_TASK PROMPT_: Here are some records; quote them exactly, leaving out the pictures.

_DATA PROVIDED_:
____
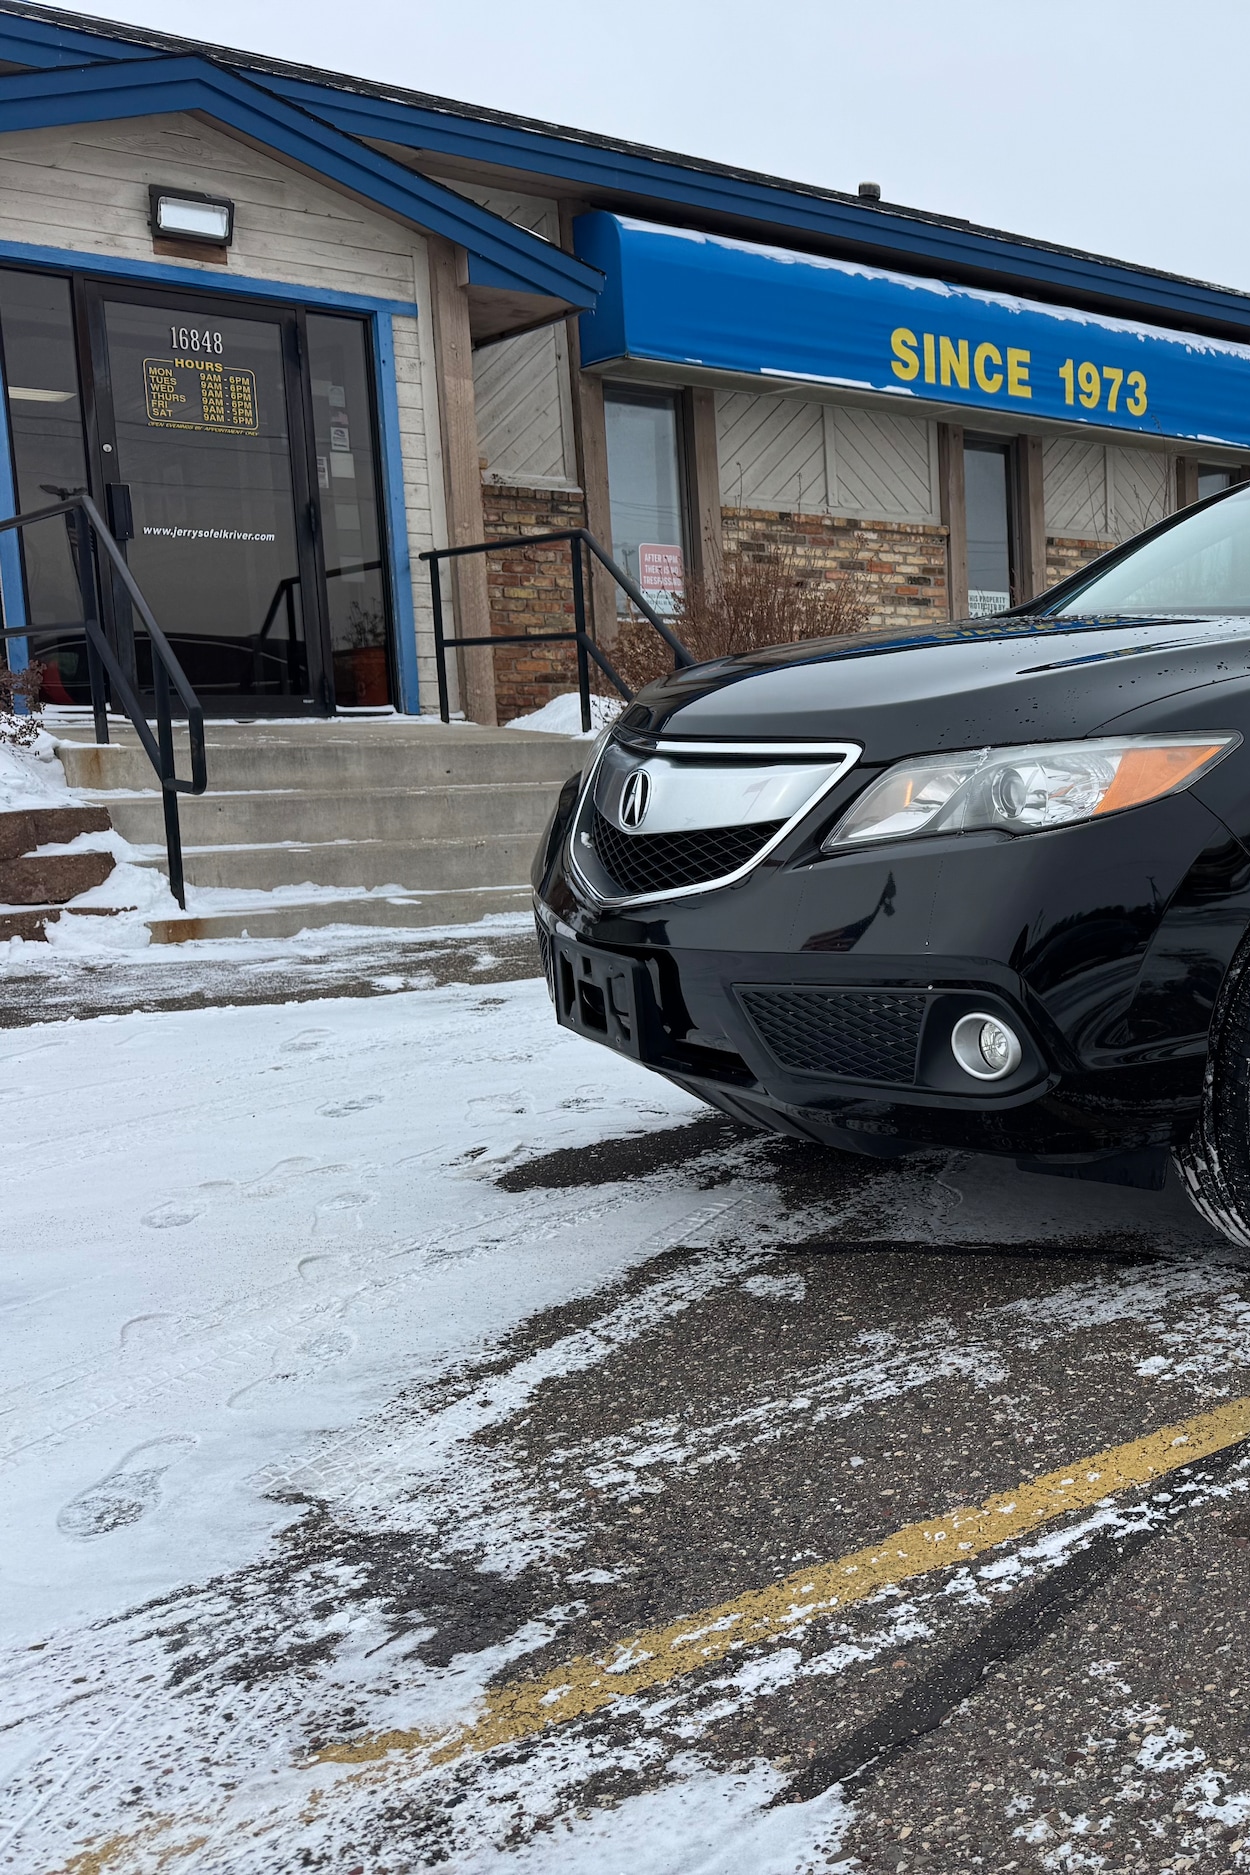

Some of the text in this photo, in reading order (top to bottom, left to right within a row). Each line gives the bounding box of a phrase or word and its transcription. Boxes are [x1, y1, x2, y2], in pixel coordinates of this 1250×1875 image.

[170, 326, 223, 354] 16848
[174, 358, 223, 372] HOURS
[890, 327, 1148, 416] SINCE 1973
[149, 367, 172, 376] MON
[200, 373, 221, 382] 9AM
[230, 376, 250, 385] 6PM
[150, 376, 177, 386] TUES
[201, 382, 222, 390] 9AM
[230, 385, 250, 393] 6PM
[150, 384, 174, 393] WED
[201, 390, 223, 398] 9AM
[231, 392, 251, 401] 6PM
[151, 392, 186, 402] THURS
[202, 398, 223, 406] 9AM
[232, 400, 252, 409] 6PM
[152, 400, 168, 408] FRI
[203, 406, 224, 414] 9AM
[232, 409, 252, 417] 5PM
[152, 409, 173, 417] SAT
[204, 414, 224, 422] 9AM
[233, 416, 253, 425] 5PM
[204, 427, 244, 435] APPOINTMENT
[143, 526, 275, 541] www.jerrysofelkriver.com
[644, 554, 661, 563] AFTER
[645, 565, 662, 574] THERE
[664, 566, 670, 574] IS
[644, 576, 681, 586] TRESPSSNG
____
_SOLUTION TO THE PROBLEM_:
Some of the text in this photo, in reading order (top to bottom, left to right within a row). Each line gives the bounding box of a phrase or word and its transcription. Boxes are [x1, y1, x2, y2], in pixel coordinates of this 1250×1875 image.

[170, 326, 223, 354] 16848
[174, 358, 223, 372] HOURS
[890, 327, 1148, 416] SINCE 1973
[149, 367, 172, 376] MON
[200, 373, 221, 382] 9AM
[230, 376, 250, 385] 6PM
[150, 376, 177, 386] TUES
[201, 382, 222, 390] 9AM
[230, 385, 250, 393] 6PM
[150, 384, 174, 393] WED
[201, 390, 223, 398] 9AM
[231, 392, 251, 401] 6PM
[151, 392, 186, 402] THURS
[202, 398, 223, 406] 9AM
[232, 400, 252, 409] 6PM
[152, 400, 168, 408] FRI
[203, 406, 224, 414] 9AM
[232, 409, 252, 417] 5PM
[152, 409, 173, 417] SAT
[204, 414, 224, 422] 9AM
[233, 416, 253, 425] 5PM
[204, 427, 244, 435] APPOINTMENT
[143, 526, 275, 541] www.jerrysofelkriver.com
[644, 554, 661, 563] AFTER
[645, 565, 662, 574] THERE
[664, 566, 670, 574] IS
[644, 576, 681, 586] TRESPSSNG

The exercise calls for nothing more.